Requirement: With the pictures excluded, repeat every entry exactly.

Items listed in a dataset:
============

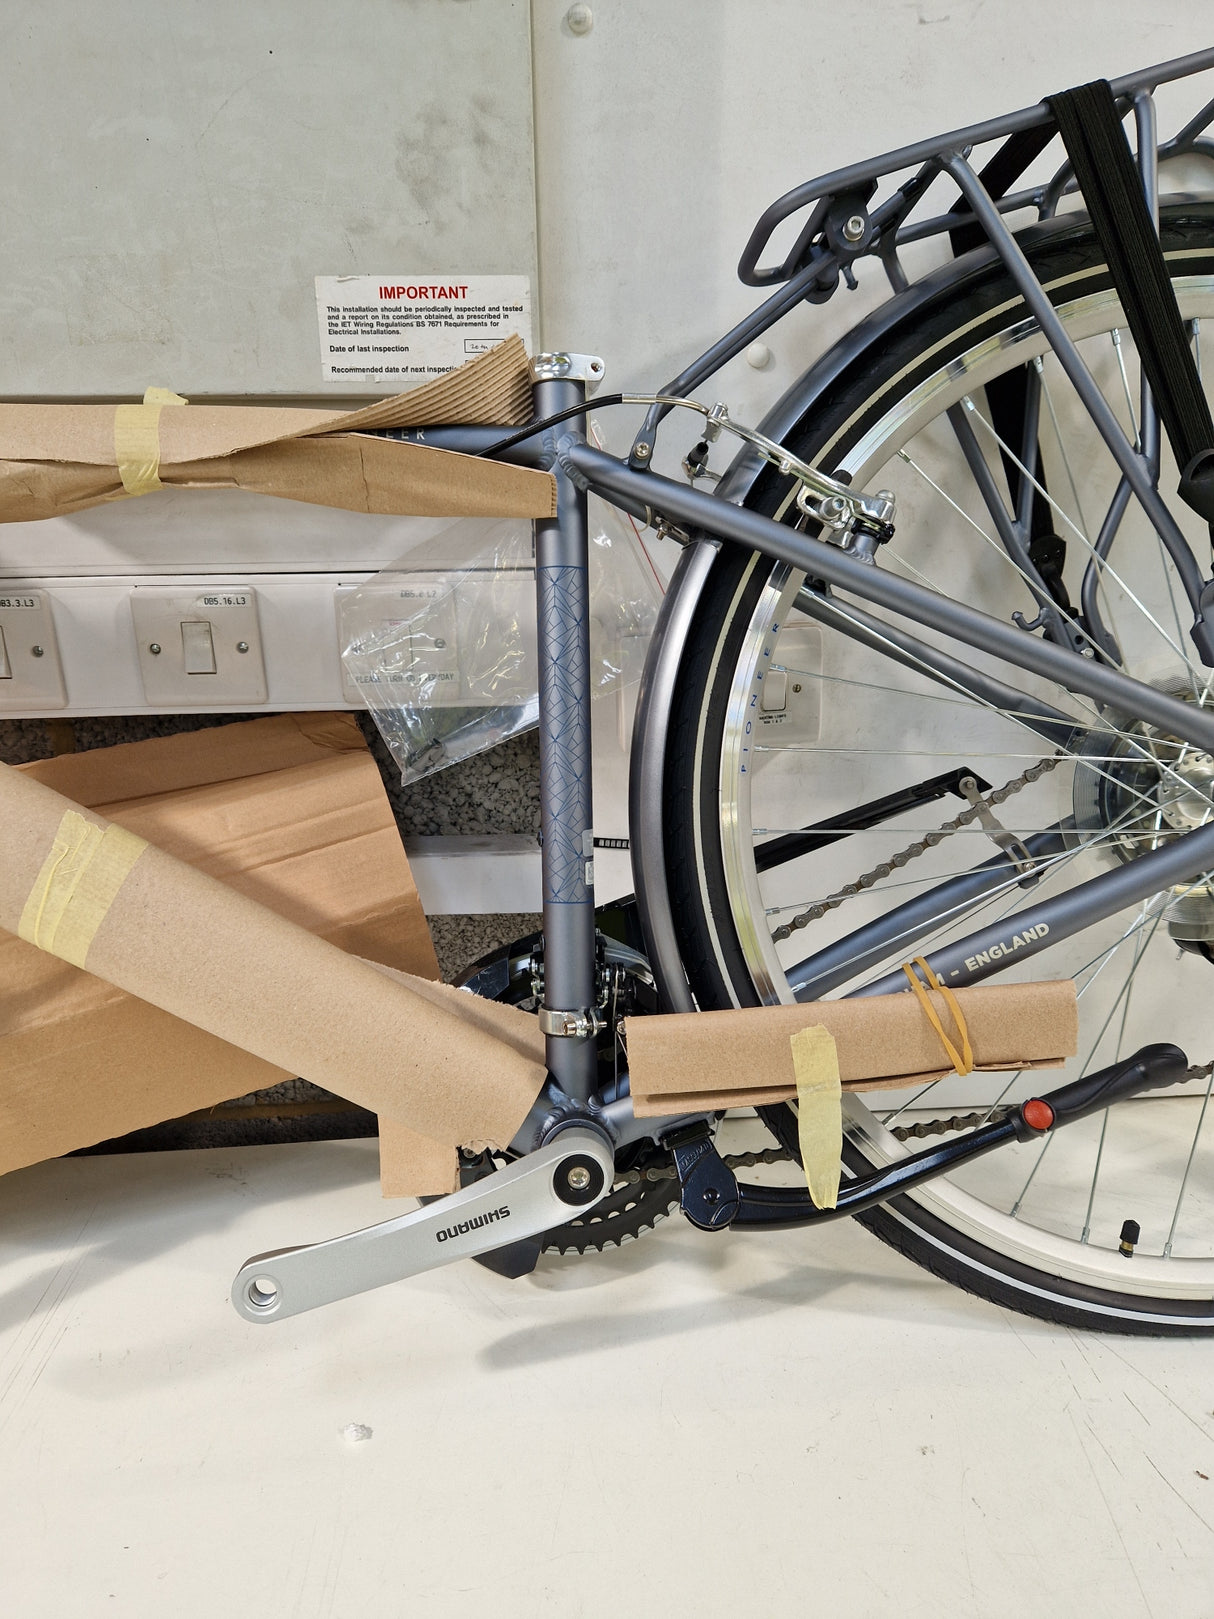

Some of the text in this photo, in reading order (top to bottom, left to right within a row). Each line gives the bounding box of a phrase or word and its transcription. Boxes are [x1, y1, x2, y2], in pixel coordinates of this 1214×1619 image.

[379, 286, 468, 299] IMPORTANT
[415, 306, 451, 314] periodically
[467, 313, 501, 321] prescribed
[444, 320, 487, 328] Requirements
[372, 345, 409, 353] inspection
[427, 366, 457, 374] inspecti
[740, 623, 780, 773] PIONEER
[964, 923, 1050, 972] ENGLAND
[436, 1205, 511, 1243] SHIMANO
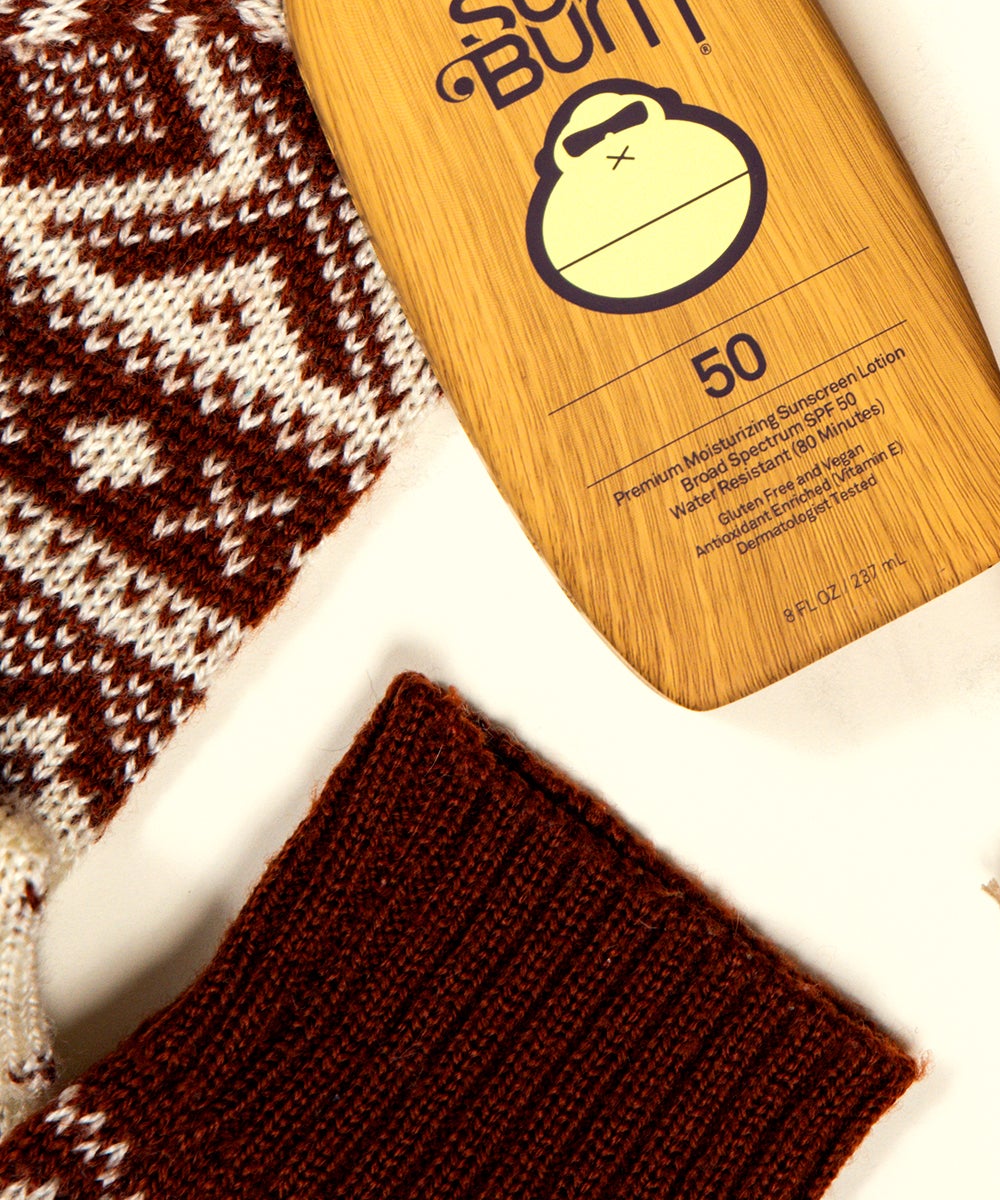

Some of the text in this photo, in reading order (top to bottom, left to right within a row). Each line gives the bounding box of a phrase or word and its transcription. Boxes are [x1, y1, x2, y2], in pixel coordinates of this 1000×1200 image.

[691, 333, 767, 398] 50
[612, 346, 906, 507] Premium Moisturizing Sunscreen Lotion
[669, 396, 887, 521] Water Resistant (80 Minutes)
[680, 390, 858, 493] Broad Spectrum SPF 50
[693, 439, 905, 558] Antioxidant Enriched (Vitamin E)
[717, 443, 865, 526] Gluten Free and Vegan
[735, 472, 878, 555] Dermatologist Tested
[782, 607, 796, 623] 8
[794, 596, 817, 617] FL
[815, 583, 841, 606] OZ
[848, 563, 880, 589] 237
[879, 550, 907, 572] mL
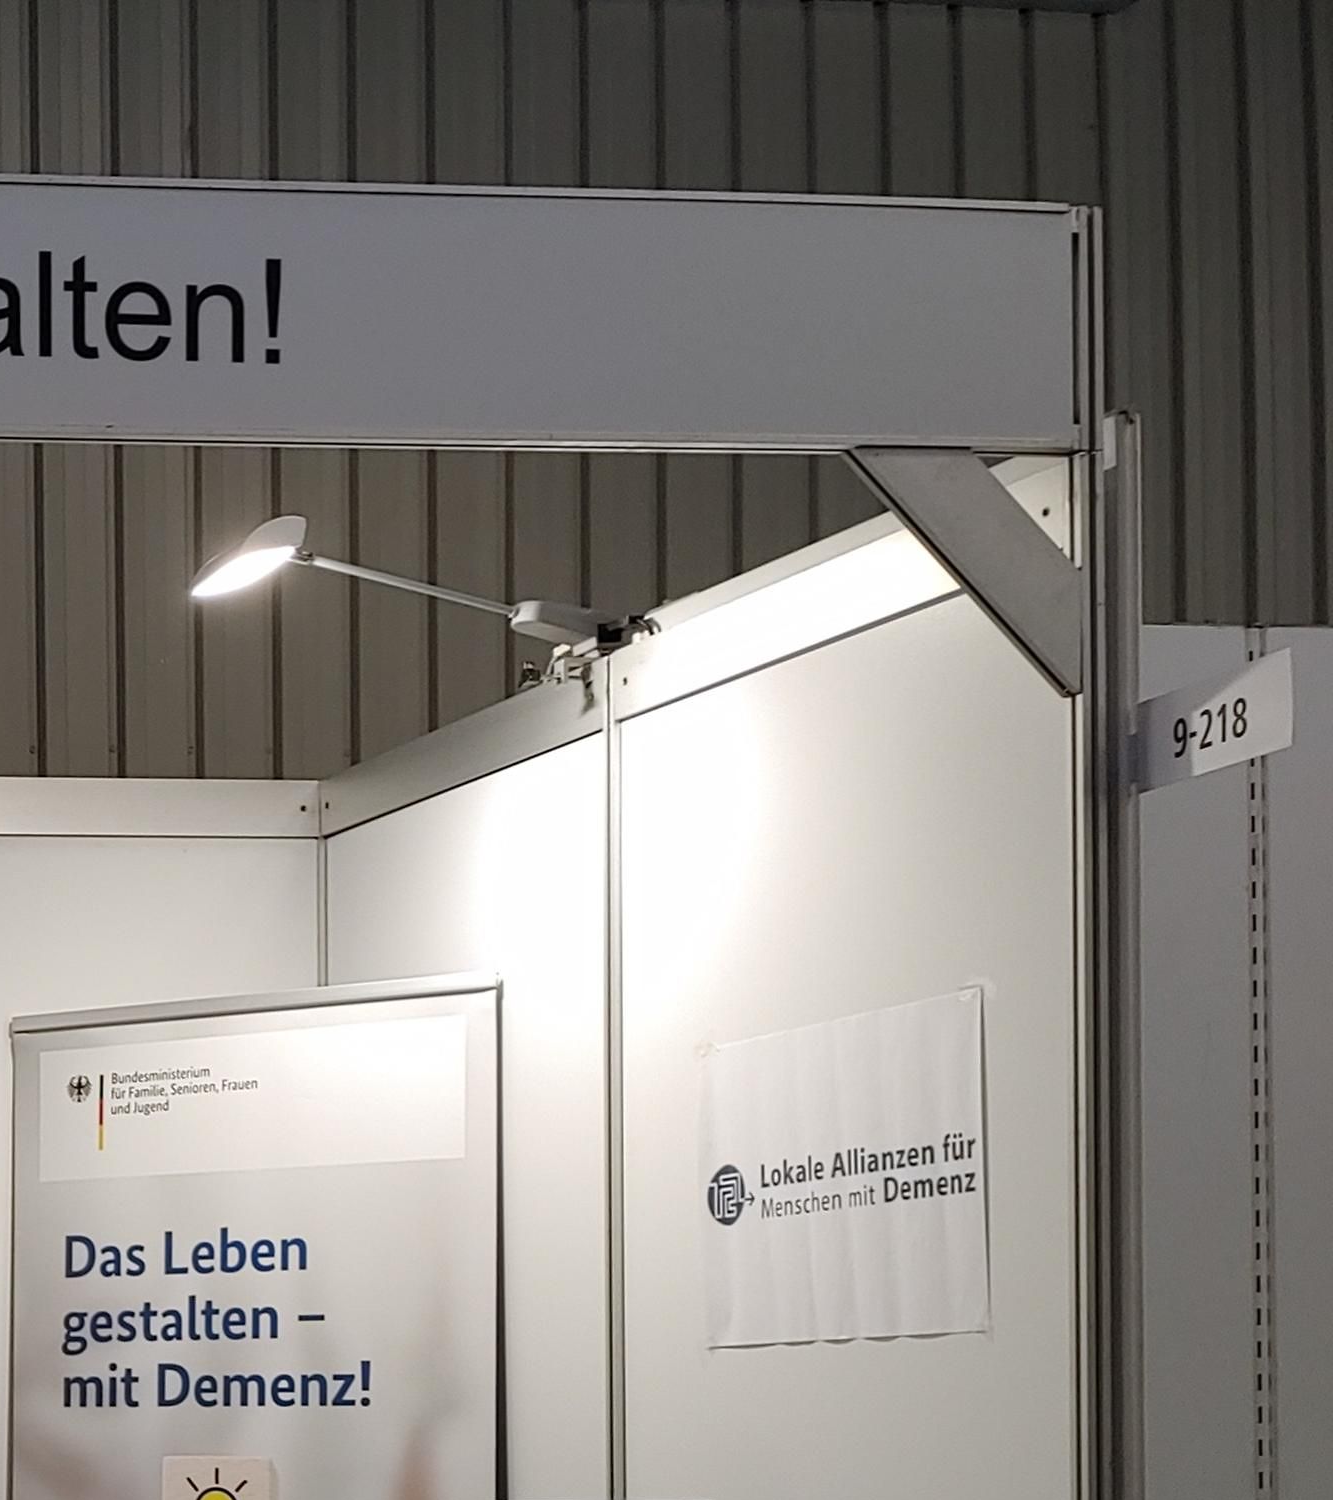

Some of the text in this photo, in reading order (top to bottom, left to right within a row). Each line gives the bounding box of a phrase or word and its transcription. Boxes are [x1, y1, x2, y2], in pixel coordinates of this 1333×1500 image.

============

Response area:
Some of the text in this photo, in reading order (top to bottom, left to right within a row). Each line gives the bounding box of a phrase or word and its transcription. Boxes are [x1, y1, x2, y2], in pixel coordinates of this 1214×1619 image.

[379, 286, 468, 299] IMPORTANT
[415, 306, 451, 314] periodically
[467, 313, 501, 321] prescribed
[444, 320, 487, 328] Requirements
[372, 345, 409, 353] inspection
[427, 366, 457, 374] inspecti
[740, 623, 780, 773] PIONEER
[964, 923, 1050, 972] ENGLAND
[436, 1205, 511, 1243] SHIMANO

Some of the text in this photo, in reading order (top to bottom, left to right within a row). Each line gives the bounding box of a phrase or word and its transcription. Boxes are [x1, y1, x2, y2], in pixel coordinates of this 1000×1200 image.

[691, 333, 767, 398] 50
[612, 346, 906, 507] Premium Moisturizing Sunscreen Lotion
[669, 396, 887, 521] Water Resistant (80 Minutes)
[680, 390, 858, 493] Broad Spectrum SPF 50
[693, 439, 905, 558] Antioxidant Enriched (Vitamin E)
[717, 443, 865, 526] Gluten Free and Vegan
[735, 472, 878, 555] Dermatologist Tested
[782, 607, 796, 623] 8
[794, 596, 817, 617] FL
[815, 583, 841, 606] OZ
[848, 563, 880, 589] 237
[879, 550, 907, 572] mL

Some of the text in this photo, in reading order (top to bottom, left to right within a row). Each line gives the bounding box of a phrase or word and its transcription. Boxes are [x1, y1, x2, y2], in pixel coordinates of this 1333×1500 image.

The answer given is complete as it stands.